Feb 24, 2020,18:24 PM
. . . this was coming:
Ode to a Dart
It was an early day in spring
felt good to be alive.
Tommy's son and friends went out
for a short Spring drive.
They chose the Dart, the old Dodge Dart
to take them on their way.
And that old car was happy so
to take them on their way.
That old car just purred with joy,
and nearly honked with glee.
For old cars have their memories,
just like you and me.
These days, the Dart was past its prime;
torn vinyl, rusted steel.
But old cars have a soul inside,
they think and they can feel.
The Dart remembered days gone by
with its top rolled down,
When it gave joy rides in the spring,
the envy of the town.
Oh, those days were glorious!
Hot wax and polished chrome.
The Dart turned heads at every stop,
then took its loved ones home.
They came upon a traffic light
and stopped to rest a spell.
The sun shone bright.

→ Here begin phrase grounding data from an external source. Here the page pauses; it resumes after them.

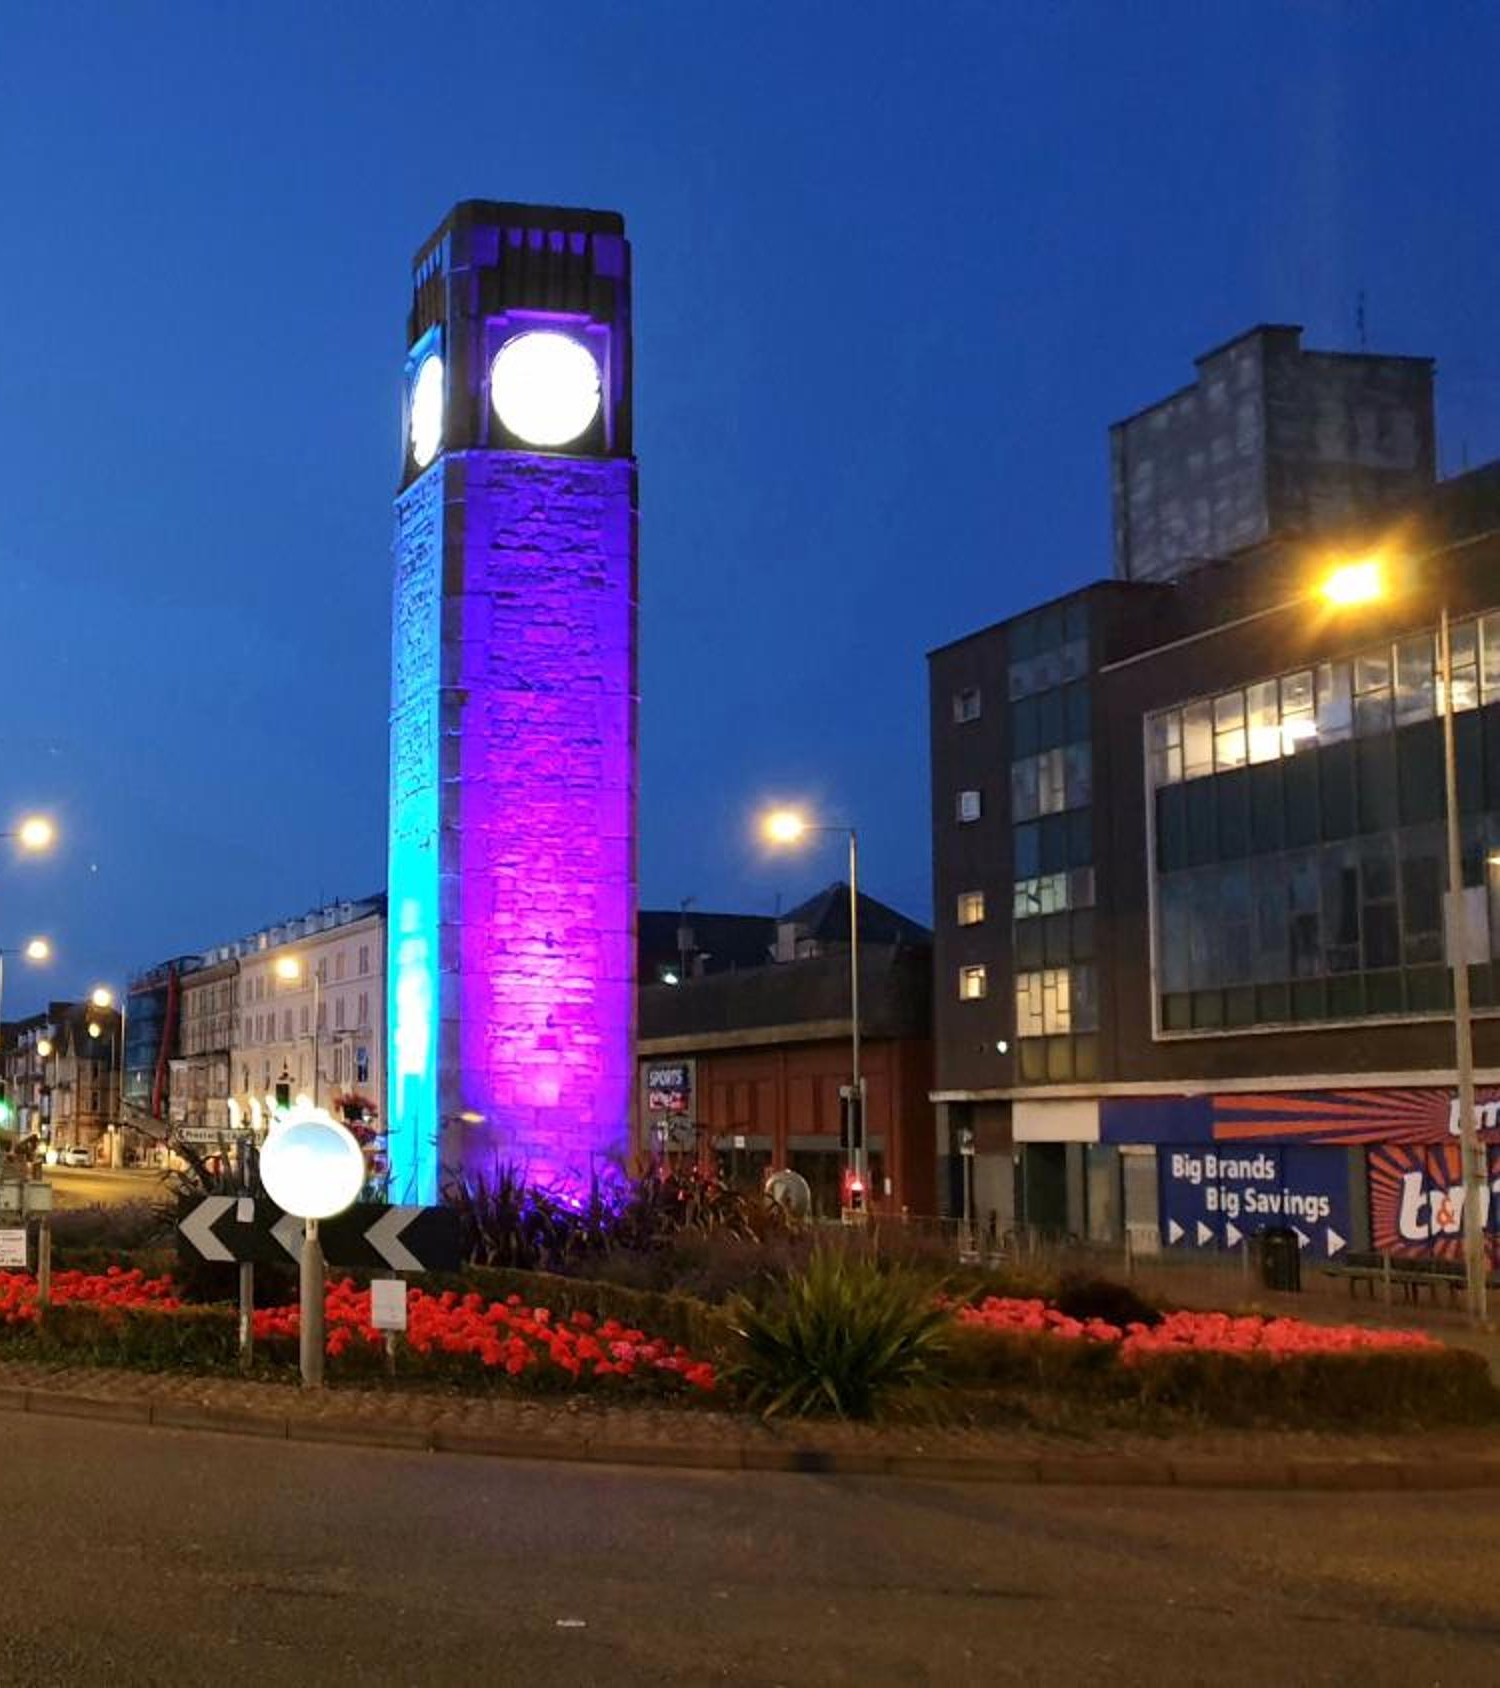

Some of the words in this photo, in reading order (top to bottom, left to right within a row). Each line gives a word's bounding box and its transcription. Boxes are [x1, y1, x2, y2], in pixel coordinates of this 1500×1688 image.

[650, 1070, 683, 1087] SPORTS
[1171, 1153, 1201, 1184] Big
[1204, 1153, 1276, 1180] Brands
[1205, 1186, 1240, 1218] Big
[1244, 1187, 1331, 1223] Savings

The air was clear.
And all the world seemed well.
In front, a local ambulance
sat waiting for the light.
Behind, a snowplow came up fast . . .
and something wasn't right.
The snowplow honked, careened and veered.
"Watch out, for goodness' sake!"
Something had gone terribly wrong:
the snowplow had no brakes.
And then the sky turned sickly still,
as though Spring's bubble popped.
The bird's sweet singing stuck in the air.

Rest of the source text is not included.